The primary goal of this study is to draw a connection between the level of inflammation
shown in the PET scan and the number of neutrophils obtained from the BAL. This study will
also look at how the PET images relate to inflammatory molecules in the lungs and to the
FEV-1 obtained through spirometry.
All patients involved in the study will have a PET scan performed. This involves injecting a
small amount of radiolabelled glucose (sugar) into the blood. A scan will then be performed
to obtain an image of where in the body that glucose is being used. Patients will also have
spirometry done. Spirometry is a simple procedure measuring the functioning of the lungs
(FEV-1) by measuring the amount of air a patient can blow out and inhale (the patient
breathes into a machine). Bronchoalveolar lavage (BAL) will be performed. This involves
putting a small amount of fluid into a section of the lung, then suctioning it out to
retrieve the cells and molecules contained in the substance lining the lung.
Subjects will be patients with cystic fibrosis. Ten subjects will be stable with either mild
or moderate disease. These subjects will receive a PET scan, spirometry, and BAL.
This portion of the study is made up of 10 stable CF patients, 5 of whom will have mild
disease, and 5 of whom will have moderate disease. These patients will receive a PET scan,
spirometry and a BAL over 2 consecutive days. On day 1, patients will have a PET scan and
spirometry. On day 2, patients will have a BAL.

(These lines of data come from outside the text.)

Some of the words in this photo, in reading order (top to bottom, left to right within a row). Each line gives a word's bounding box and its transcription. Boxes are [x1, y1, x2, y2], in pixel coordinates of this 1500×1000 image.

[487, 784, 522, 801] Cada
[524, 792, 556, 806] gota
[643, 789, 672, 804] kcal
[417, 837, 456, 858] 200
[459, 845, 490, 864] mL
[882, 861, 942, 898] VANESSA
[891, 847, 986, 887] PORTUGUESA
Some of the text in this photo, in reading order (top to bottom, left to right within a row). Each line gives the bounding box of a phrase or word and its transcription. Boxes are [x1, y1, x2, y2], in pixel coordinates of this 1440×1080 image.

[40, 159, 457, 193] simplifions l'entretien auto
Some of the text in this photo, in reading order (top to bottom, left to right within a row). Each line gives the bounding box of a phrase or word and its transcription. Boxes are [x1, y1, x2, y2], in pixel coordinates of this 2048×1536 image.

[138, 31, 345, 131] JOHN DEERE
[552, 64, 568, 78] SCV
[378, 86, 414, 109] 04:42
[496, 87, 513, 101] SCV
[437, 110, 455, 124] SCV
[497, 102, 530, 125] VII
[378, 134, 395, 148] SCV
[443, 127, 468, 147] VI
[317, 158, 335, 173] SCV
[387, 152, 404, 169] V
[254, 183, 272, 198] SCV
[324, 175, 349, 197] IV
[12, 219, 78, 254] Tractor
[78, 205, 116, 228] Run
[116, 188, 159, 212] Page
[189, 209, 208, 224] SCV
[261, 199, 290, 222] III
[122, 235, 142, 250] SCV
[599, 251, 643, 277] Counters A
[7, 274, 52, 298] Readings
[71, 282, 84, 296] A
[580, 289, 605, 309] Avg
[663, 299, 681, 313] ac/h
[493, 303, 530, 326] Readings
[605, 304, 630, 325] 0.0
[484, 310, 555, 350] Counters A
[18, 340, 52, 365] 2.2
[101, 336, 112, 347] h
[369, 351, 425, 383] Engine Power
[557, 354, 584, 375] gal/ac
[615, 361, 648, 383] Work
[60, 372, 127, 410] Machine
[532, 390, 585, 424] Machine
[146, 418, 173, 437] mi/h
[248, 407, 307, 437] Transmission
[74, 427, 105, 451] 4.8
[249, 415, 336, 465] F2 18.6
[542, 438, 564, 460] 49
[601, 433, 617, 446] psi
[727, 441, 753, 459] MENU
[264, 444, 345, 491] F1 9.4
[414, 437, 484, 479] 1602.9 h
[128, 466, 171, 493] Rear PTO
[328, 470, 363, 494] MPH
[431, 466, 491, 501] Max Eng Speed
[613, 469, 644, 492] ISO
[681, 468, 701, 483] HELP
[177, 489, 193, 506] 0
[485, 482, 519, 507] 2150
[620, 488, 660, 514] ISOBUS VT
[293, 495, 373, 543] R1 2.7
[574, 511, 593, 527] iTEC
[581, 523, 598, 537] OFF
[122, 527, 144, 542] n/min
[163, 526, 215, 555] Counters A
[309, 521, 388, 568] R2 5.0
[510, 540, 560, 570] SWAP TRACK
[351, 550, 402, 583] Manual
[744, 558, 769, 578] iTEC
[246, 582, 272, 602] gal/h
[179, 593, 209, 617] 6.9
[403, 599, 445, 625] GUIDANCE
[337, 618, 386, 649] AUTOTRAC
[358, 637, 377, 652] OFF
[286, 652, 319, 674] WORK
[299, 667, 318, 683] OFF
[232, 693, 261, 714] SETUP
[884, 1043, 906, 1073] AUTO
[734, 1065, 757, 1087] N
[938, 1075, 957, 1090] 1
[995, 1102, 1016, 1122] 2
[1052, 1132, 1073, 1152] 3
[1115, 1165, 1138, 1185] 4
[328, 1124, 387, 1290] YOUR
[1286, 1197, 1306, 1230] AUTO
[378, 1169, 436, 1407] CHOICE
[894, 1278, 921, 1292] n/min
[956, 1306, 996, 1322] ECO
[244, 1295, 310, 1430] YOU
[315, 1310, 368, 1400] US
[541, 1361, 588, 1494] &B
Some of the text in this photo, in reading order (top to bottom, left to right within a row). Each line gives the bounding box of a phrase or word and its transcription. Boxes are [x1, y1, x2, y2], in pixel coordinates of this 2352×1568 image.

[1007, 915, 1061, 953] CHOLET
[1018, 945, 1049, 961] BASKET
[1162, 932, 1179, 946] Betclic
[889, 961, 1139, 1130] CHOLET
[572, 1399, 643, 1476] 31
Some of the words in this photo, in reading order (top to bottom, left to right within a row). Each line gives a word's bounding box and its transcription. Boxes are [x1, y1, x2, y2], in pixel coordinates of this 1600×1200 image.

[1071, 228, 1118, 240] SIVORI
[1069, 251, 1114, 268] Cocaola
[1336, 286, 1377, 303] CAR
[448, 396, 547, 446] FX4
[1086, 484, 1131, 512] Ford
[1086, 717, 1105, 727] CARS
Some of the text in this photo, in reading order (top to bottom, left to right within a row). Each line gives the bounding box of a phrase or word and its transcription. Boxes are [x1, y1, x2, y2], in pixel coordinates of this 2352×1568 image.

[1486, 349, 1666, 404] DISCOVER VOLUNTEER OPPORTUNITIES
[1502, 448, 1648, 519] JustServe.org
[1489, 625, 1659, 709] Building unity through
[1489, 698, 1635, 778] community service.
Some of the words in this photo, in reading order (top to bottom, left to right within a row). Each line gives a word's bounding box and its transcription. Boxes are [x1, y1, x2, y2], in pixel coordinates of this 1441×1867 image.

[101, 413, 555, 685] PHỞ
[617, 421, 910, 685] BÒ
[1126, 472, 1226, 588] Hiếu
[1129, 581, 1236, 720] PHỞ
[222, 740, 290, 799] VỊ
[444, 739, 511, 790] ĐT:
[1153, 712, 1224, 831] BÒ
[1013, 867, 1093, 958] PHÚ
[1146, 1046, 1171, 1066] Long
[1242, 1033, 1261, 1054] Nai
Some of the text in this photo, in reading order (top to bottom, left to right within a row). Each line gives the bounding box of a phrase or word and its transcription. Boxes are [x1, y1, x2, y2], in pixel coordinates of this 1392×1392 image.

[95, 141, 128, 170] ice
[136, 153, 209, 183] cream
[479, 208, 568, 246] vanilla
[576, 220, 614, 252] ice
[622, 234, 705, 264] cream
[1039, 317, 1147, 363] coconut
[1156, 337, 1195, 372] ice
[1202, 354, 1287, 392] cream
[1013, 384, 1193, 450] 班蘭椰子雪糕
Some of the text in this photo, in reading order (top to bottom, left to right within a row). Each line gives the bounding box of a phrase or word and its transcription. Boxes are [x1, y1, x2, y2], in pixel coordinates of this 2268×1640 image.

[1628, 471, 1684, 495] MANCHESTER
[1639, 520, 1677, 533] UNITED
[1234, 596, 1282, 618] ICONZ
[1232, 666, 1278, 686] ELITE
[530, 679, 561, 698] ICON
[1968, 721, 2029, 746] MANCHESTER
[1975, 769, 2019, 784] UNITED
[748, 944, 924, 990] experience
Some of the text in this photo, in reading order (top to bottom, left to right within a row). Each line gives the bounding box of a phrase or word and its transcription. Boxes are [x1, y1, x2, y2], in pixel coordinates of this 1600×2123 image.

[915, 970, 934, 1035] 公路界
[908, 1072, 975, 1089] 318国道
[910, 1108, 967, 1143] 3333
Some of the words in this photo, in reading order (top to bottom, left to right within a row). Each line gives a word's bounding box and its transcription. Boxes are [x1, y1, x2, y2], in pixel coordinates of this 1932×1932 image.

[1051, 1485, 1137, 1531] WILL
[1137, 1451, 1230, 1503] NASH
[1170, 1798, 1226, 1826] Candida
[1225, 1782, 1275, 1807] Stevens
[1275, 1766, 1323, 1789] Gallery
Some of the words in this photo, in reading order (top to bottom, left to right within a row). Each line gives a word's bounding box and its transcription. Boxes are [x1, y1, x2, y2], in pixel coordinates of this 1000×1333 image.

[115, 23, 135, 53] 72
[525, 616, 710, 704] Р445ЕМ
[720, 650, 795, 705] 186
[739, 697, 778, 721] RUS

Patients will arrive on the first day after fasting for at least 6 hours and will be taken
to the PET facility. PET scanning consists of a 2-minute scan followed by a 15-minute scan,
injection of radiolabelled sugar into the vein, and 66 minutes of scanning. The patient will
then be instructed to empty his or her bladder to reduce total radiation exposure. The
patient will then be given a meal. Next, the patient will be taken for spirometry, the last
test of day 1, which simple involves breathing into a machine that measures the amount of
air inhaled and exhaled. Upon reporting to the GCRC on day 2, the patient will be taken for
a BAL (the patient will have fasted for at least 6 hours prior to admission). BAL involves a
small tube placed into the mouth, down the throat, and into the lung (lidocaine is used to
numb the entire area). Less than 3 tablespoons of saline (salt water) is poured down the
tube, then immediately sucked back up and collected by the doctor. This is repeated twice,
for a total of 8 tablespoons of liquid.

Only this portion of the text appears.